RECORDS SUPPLIED.

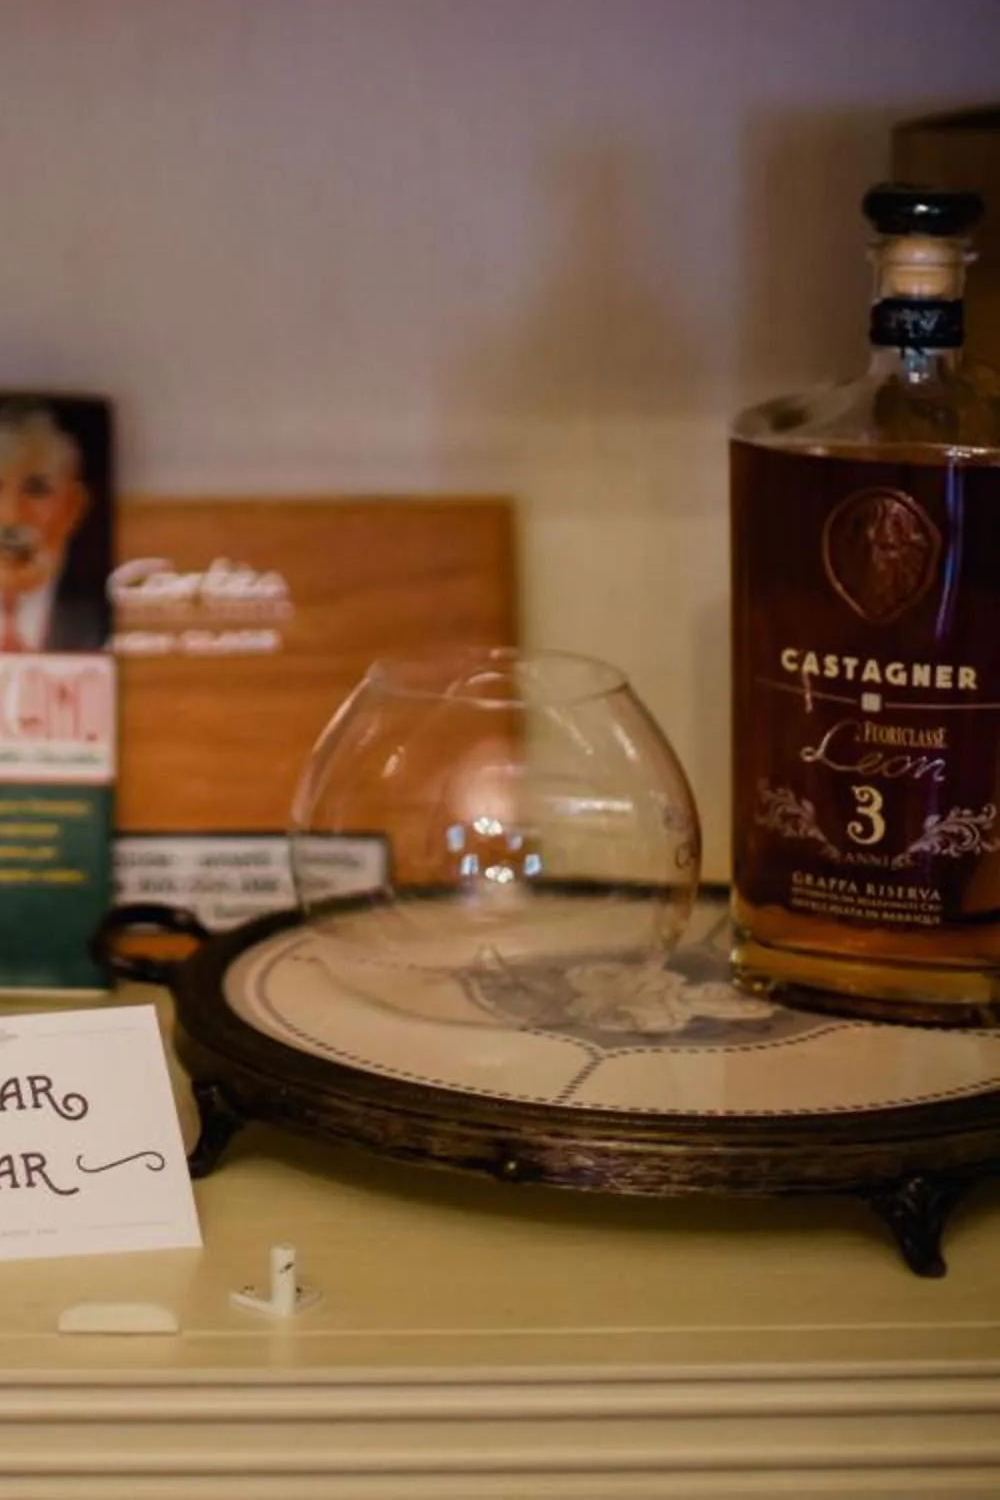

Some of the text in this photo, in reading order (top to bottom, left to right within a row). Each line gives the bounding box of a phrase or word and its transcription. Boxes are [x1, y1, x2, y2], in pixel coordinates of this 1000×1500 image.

[781, 648, 978, 690] CASTAGNER
[801, 718, 947, 782] Leon
[847, 785, 886, 846] 3
[791, 870, 858, 893] GRAPPA
[866, 882, 942, 901] RISERVA
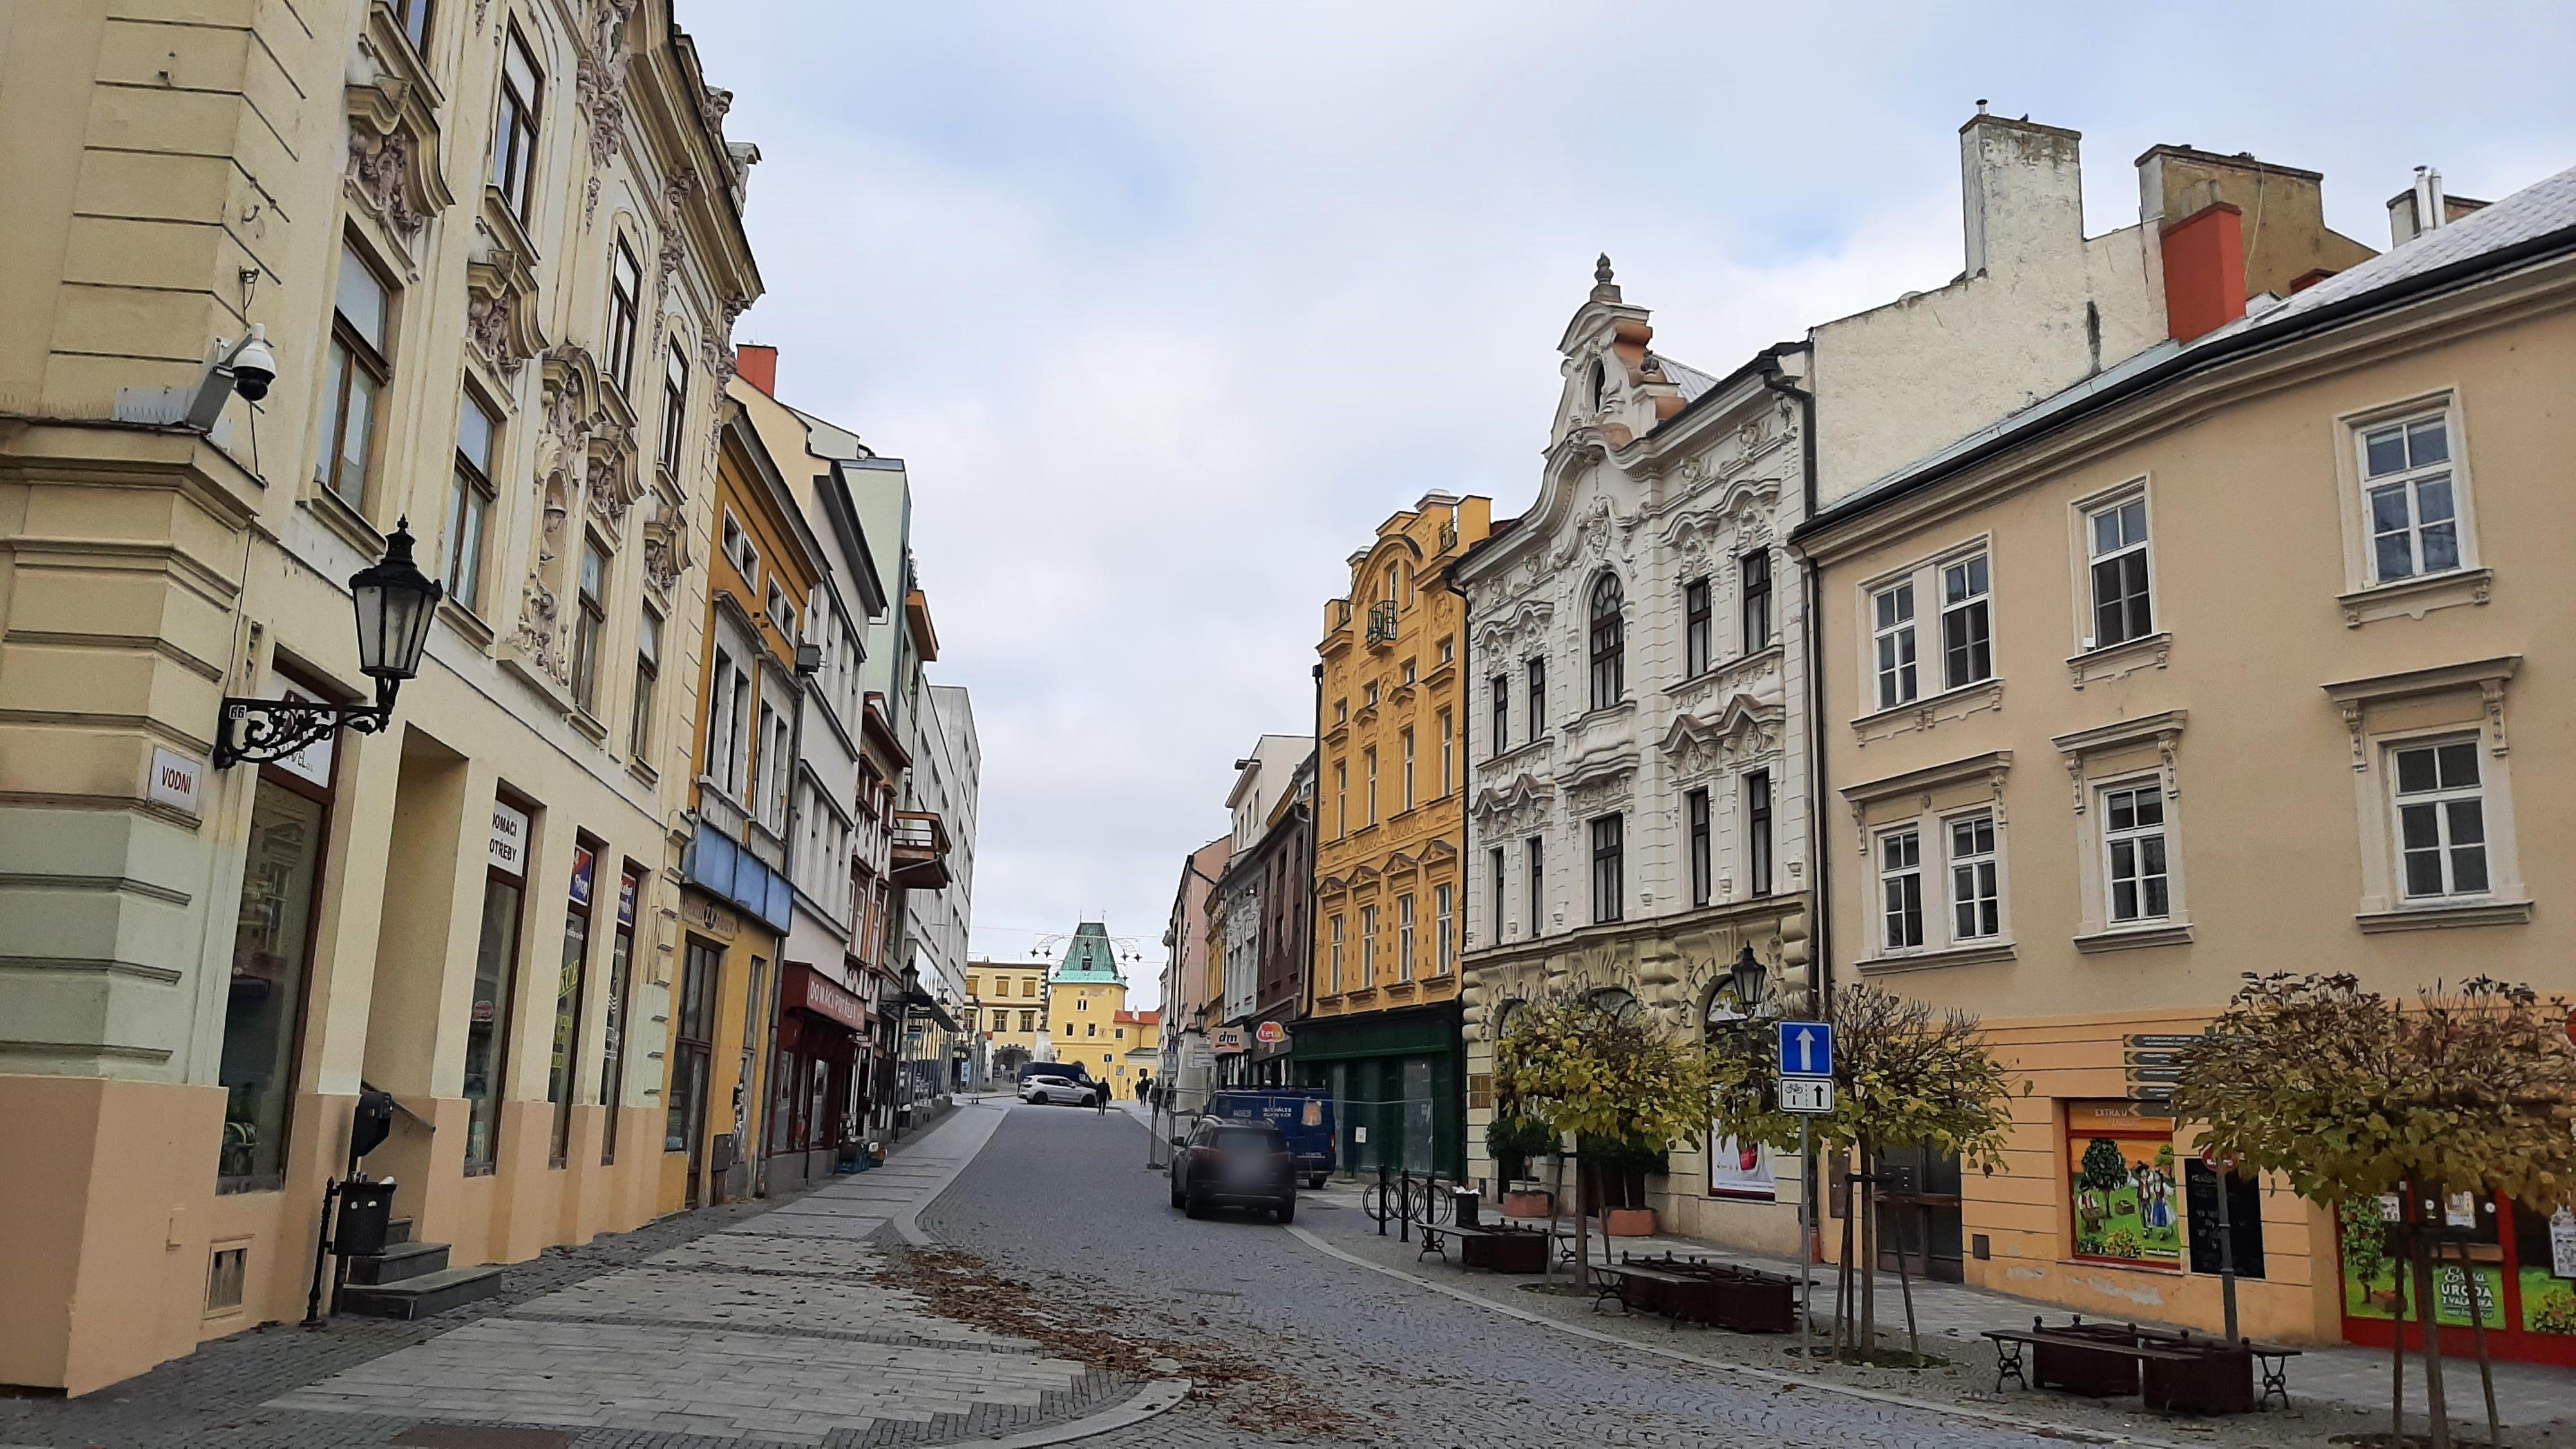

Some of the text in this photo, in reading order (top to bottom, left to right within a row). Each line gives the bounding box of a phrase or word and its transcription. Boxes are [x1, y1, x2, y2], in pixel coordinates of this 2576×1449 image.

[162, 766, 192, 795] VODNÍ
[489, 838, 517, 862] OTŘEBY
[1218, 1031, 1237, 1042] dm
[2095, 1108, 2121, 1117] EXTRA

TASK TO CARRY OUT.
Reproduce all of the data exactly, omitting each picture it holds.

RESULT OF THE EXERCISE.
Some of the text in this photo, in reading order (top to bottom, left to right within a row). Each line gives the bounding box of a phrase or word and its transcription. Boxes are [x1, y1, x2, y2], in pixel coordinates of this 1000×1500 image.

[781, 648, 978, 690] CASTAGNER
[801, 718, 947, 782] Leon
[847, 785, 886, 846] 3
[791, 870, 858, 893] GRAPPA
[866, 882, 942, 901] RISERVA

Some of the text in this photo, in reading order (top to bottom, left to right within a row). Each line gives the bounding box of a phrase or word and its transcription. Boxes are [x1, y1, x2, y2], in pixel coordinates of this 2576×1449 image.

[162, 766, 192, 795] VODNÍ
[489, 838, 517, 862] OTŘEBY
[1218, 1031, 1237, 1042] dm
[2095, 1108, 2121, 1117] EXTRA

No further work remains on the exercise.